-- Brief --
Copy each entry verbatim, excluding its images.

====

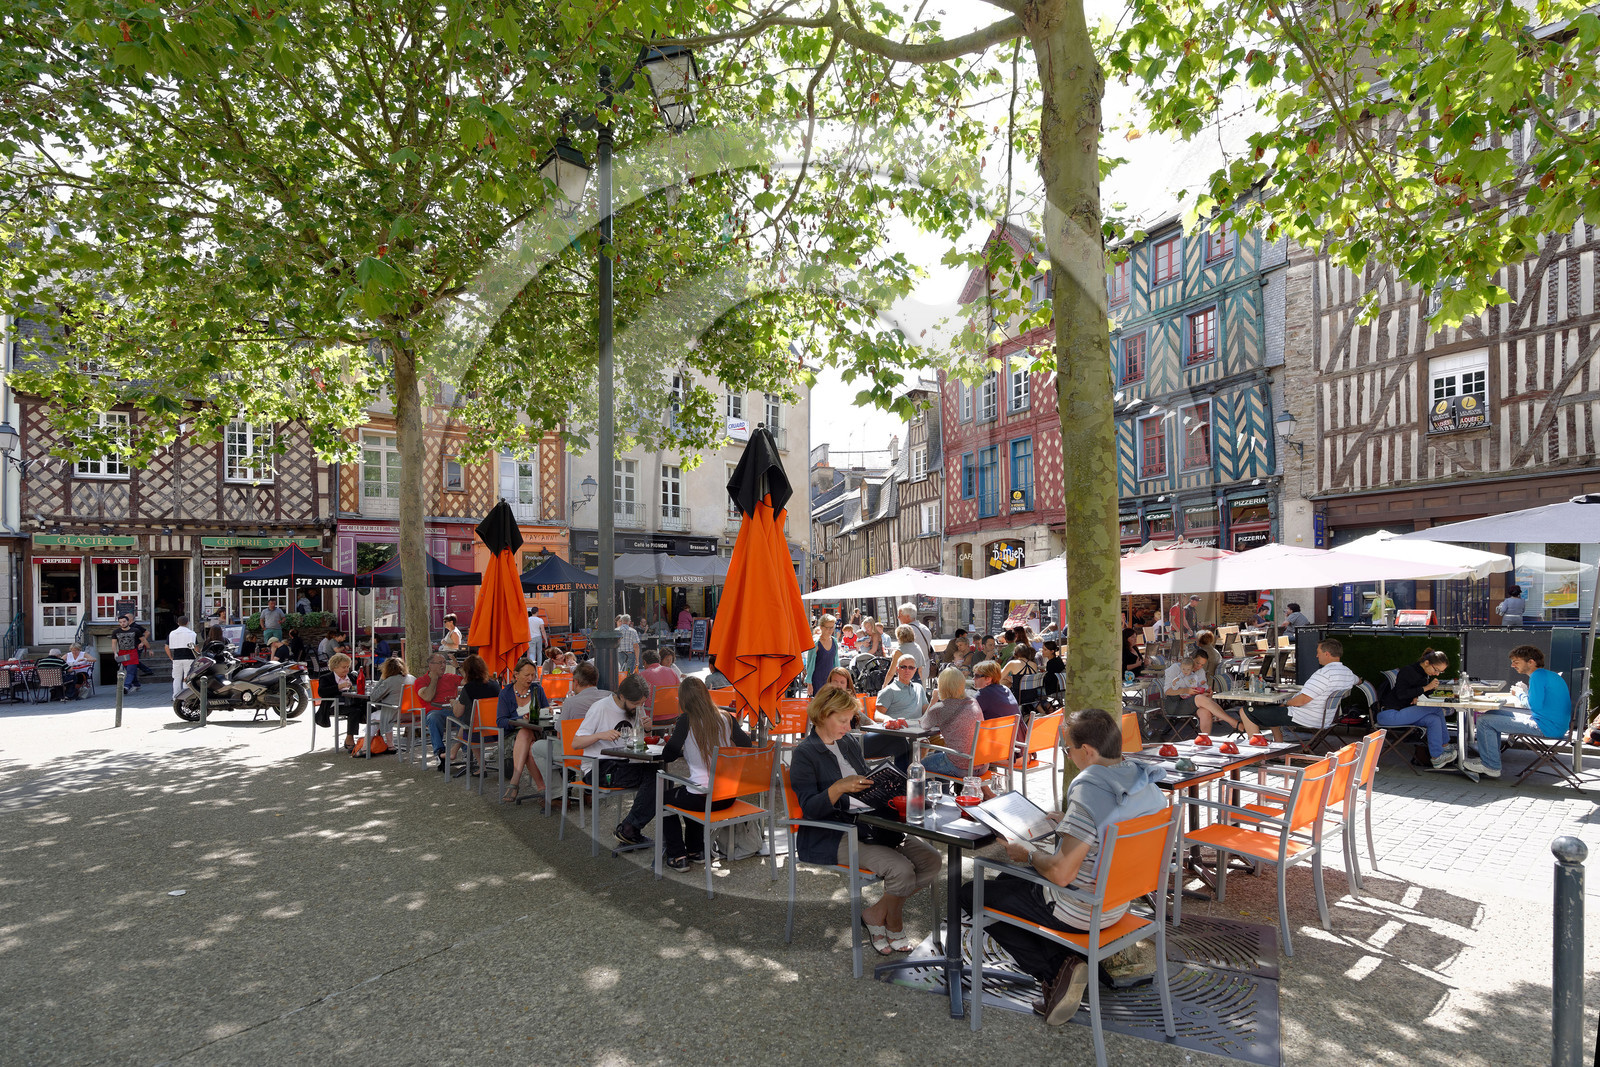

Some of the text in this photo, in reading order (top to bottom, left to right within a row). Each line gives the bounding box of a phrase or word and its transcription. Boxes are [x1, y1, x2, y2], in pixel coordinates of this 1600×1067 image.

[1234, 498, 1266, 506] PIZZERIA
[57, 536, 112, 545] GLACIER
[217, 538, 262, 546] CREPERIE
[243, 578, 343, 587] CREPERIE STE ANNE
[672, 575, 705, 583] BRASSERIE
[536, 583, 572, 591] CREPERIE

====

-- Response --
Some of the text in this photo, in reading order (top to bottom, left to right within a row). Each line gives the bounding box of a phrase or word and its transcription. Boxes are [x1, y1, x2, y2], in pixel coordinates of this 1600×1067 image.

[1234, 498, 1266, 506] PIZZERIA
[57, 536, 112, 545] GLACIER
[217, 538, 262, 546] CREPERIE
[243, 578, 343, 587] CREPERIE STE ANNE
[672, 575, 705, 583] BRASSERIE
[536, 583, 572, 591] CREPERIE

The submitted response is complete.